I watched the stream of the first hearing on Vallejo’s bankruptcy several years ago. The crowd almost lynched the fire union’s representative.
BURN BABY BURN!!!
Those first year figures often include payment for untaken vacations, partial payment for unused sick leave, and like that. It’s also fairly common for municipal executives to have deferred compensation schemes in their contracts.
One routine irritation for me is the pension bump game played by public safety folks who take a promotion with a jump in pay in their last year on the job, work a year, then pass that along to the next guy.

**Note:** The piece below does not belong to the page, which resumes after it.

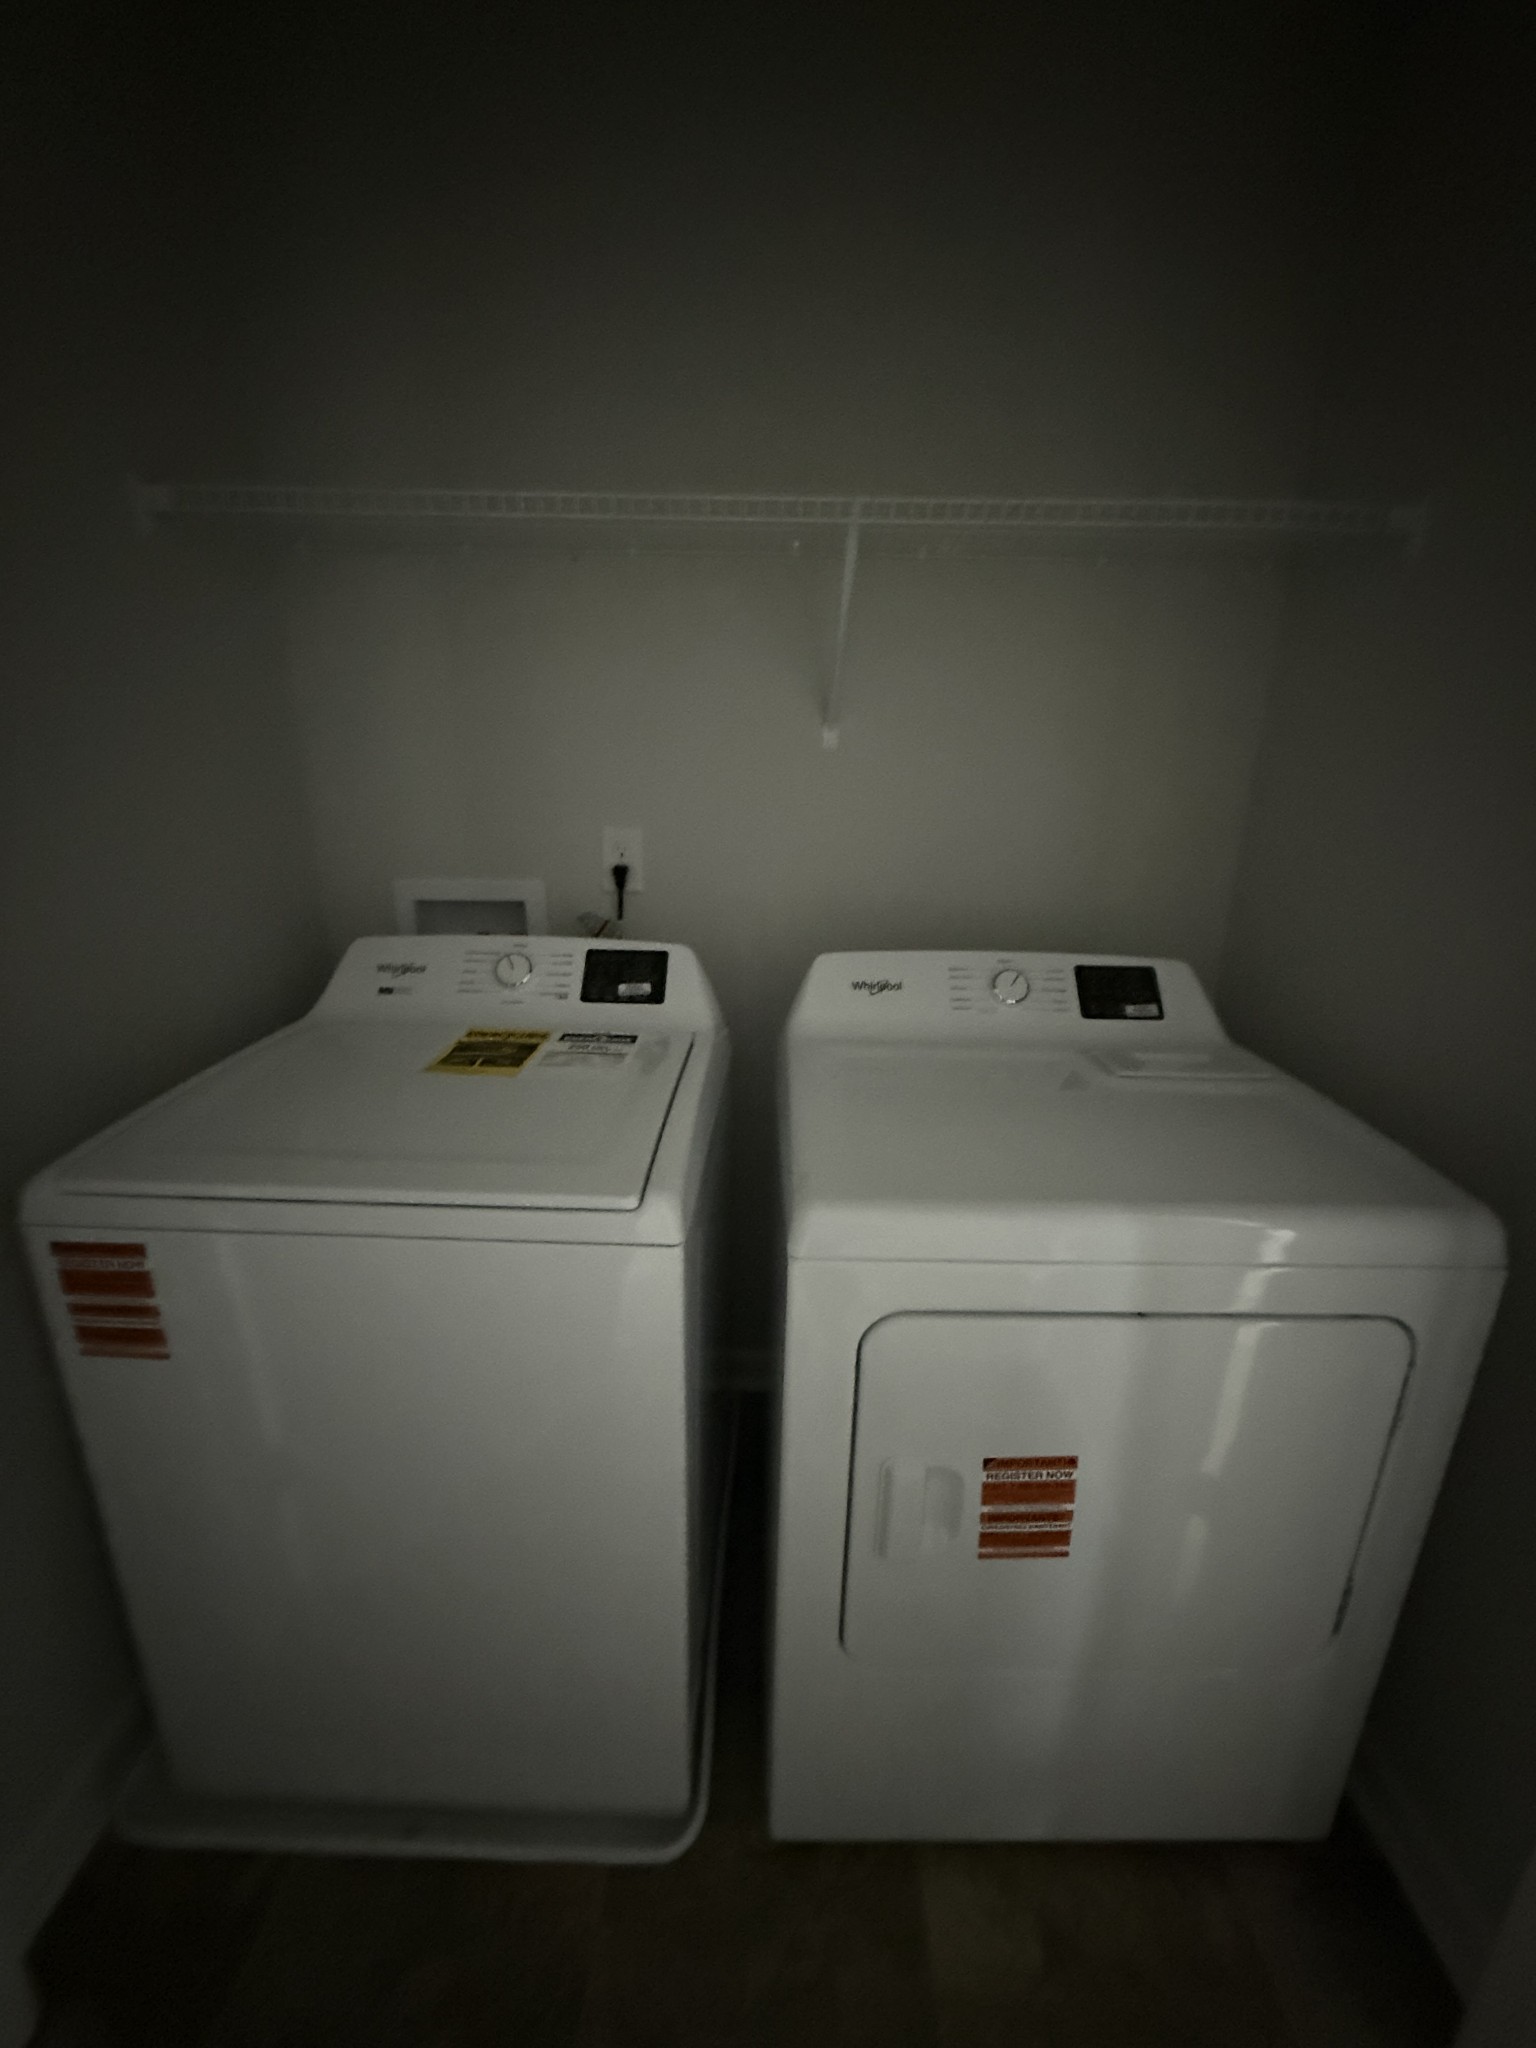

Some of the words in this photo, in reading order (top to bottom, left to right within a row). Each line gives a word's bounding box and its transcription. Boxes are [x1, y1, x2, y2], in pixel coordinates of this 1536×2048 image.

[851, 980, 902, 995] Whirlpool
[986, 1471, 1043, 1480] REGISTER
[1046, 1470, 1074, 1479] NOW

govt workers....all of them....
So those potholes you are driving into and damaging your car and the streets that are like washboards are the result of that 15% more going to pay people far too much for the money they put in. It will get worse. 20% now and 30% etc soon enough.
The $25 ticket you get for using a cell phone is more then $250 with all the extra fees that are tacked on. The speeding ticket not paid on time leading to loss of car due to very large penalties all out of proportion.
BTW we have rain today so the the streets are going to start dissolving into potholes in the days ahead.
“The citys general fund payments for pensions and retiree healthcare reached $1.04 billion last year, eating up more than 20% of operating revenue compared with less than 5% in 2002.”
Because they're union thug bureaucRATs, and it's only taxpayer money.
if they were in the private sector, their pensions would be turned over to the Peanut butter and Jelly board...and it would be slashed by about 2/3's.
the only persons to suffer are the tax payers..
also, eventually, they will have to stop sports and band...the schools will not keep up physically because there is no money...
then these jokers move to my state or similar and buy our homes and land up like there is no tomorrow...
its quite eye opening to see what these poor liddle govt workers get....the teachers cry poverty but they take the cake in bennies and pension for working a very very short year and even their wages aren’t bad....
and secondly, they must start paying state taxes on their windfall pensions.....
Retirements at $190,000 per year, some with continuing medical coverage.
The union is not embezzling. The elected officials gave it away. Thevelecteds need to do their jobs.